O que resultou de todos estes debates foi o texto publicado como Declaração sobre a relação da Igreja com as religiões não cristãs que, sendo o documento mais breve do Vaticano II, tornou-se um dos mais influentes do Concílio, extrapolando os limites da própria Igreja. São 41 frases distribuídas em cinco parágrafos: o primeiro trata da origem e destino comum da humanidade em Deus, elaborando a fundamentação teológica para o diálogo inter-religioso; o segundo discorre sobre as tradições hinduísta e budista; o terceiro discursa sobre o Islã; o quarto, mais extenso, trata do judaísmo; e o último reprova quaisquer formas de discriminação contra qualquer indivíduo ou grupo. E é a partir de Nostra Aetate que precisamos realizar a leitura histórica do diálogo inter-religioso dos últimos cinquenta anos.
O lugar onde estamos
Para Peter Phan, se viemos do Concílio de Florença, perfazendo 500 anos de caminhos tortuosos, o documento sobre diálogo inter-religoso do Vaticano II é o lugar onde chegamos. O olhar sobre os desdobramentos práticos deste documento aponta os caminhos para onde iremos. Por isso, Phan realiza esta leitura de contexto através dos pontificados onde este documento passou a vigorar, a saber, em Paulo VI, João Paulo II e Bento XVI. Paulo VI, por exemplo, foi o primeiro Papa a visitar a Índia e a citar uma oração do Upanixade, além de estabelecer o Secretariado para os Não-Cristãos, renomeado oportunamente de Pontifício Conselho para o Diálogo Inter-Religioso. João Paulo II é visto por Phan como o Papa que mais fez pelo diálogo inter-religioso, utilizando-se habilmente de gestos simbólicos que aproximaram diferentes tradições.

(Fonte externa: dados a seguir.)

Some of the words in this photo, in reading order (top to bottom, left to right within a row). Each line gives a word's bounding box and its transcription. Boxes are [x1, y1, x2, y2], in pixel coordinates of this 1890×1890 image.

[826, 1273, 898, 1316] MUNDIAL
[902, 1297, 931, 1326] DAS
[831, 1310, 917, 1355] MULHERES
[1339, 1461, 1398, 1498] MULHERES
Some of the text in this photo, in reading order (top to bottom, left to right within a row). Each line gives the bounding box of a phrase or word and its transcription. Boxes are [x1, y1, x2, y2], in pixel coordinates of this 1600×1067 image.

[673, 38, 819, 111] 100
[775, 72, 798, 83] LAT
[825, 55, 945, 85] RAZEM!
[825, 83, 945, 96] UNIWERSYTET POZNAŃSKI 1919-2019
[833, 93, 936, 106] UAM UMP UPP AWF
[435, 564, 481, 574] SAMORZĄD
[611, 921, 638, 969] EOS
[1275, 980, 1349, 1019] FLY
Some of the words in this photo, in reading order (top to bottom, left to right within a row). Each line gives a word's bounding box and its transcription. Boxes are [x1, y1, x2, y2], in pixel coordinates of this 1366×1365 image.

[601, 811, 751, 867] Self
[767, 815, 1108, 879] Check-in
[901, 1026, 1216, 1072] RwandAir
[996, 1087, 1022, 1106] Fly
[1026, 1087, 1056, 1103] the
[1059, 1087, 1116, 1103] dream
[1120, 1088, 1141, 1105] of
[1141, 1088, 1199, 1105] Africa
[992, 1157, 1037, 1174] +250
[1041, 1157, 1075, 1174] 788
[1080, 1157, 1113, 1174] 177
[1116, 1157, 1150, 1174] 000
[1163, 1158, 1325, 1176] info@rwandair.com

Peter Phan destaca, neste sentido, a visita realizada por João Paulo II à sinagoga de Roma, a convocação do Dia Mundial de Oração pela Paz, em Assis, seus muitos encontros com budistas e muçulmanos, sua visita à Terra Santa e a colocação de uma oração numa fenda do Muro Ocidental, suplicando a Deus que perdoasse os cristãos por seus pecados contra os judeus.
Já Bento XVI, lembrado por Phan como mais reservado, em relação aos anteriores, realizou gestos bastante significativos em relação aos judeus e muçulmanos, como as visitas ao Muro Ocidental e a Auschwitz, bem como à Mesquita Azul, na Turquia, ao Domo da Rocha e à Mesquita de Al-Aqsa, em Jerusalém. Da mesma forma, o número de documentos do magistério sobre o diálogo inter-religioso, sob estes pontificados, foi o mais prolífico de toda a história da Igreja, sendo que o diálogo judaico-católico tem sido o mais amplo e bem-sucedido, sendo considerado um verdadeiro legado de João XXIII. Nesta linha, surgem também várias produções teológicas que tentam responder ao contexto pluralista de nosso tempo, buscando um diálogo frutífero entre as religiões.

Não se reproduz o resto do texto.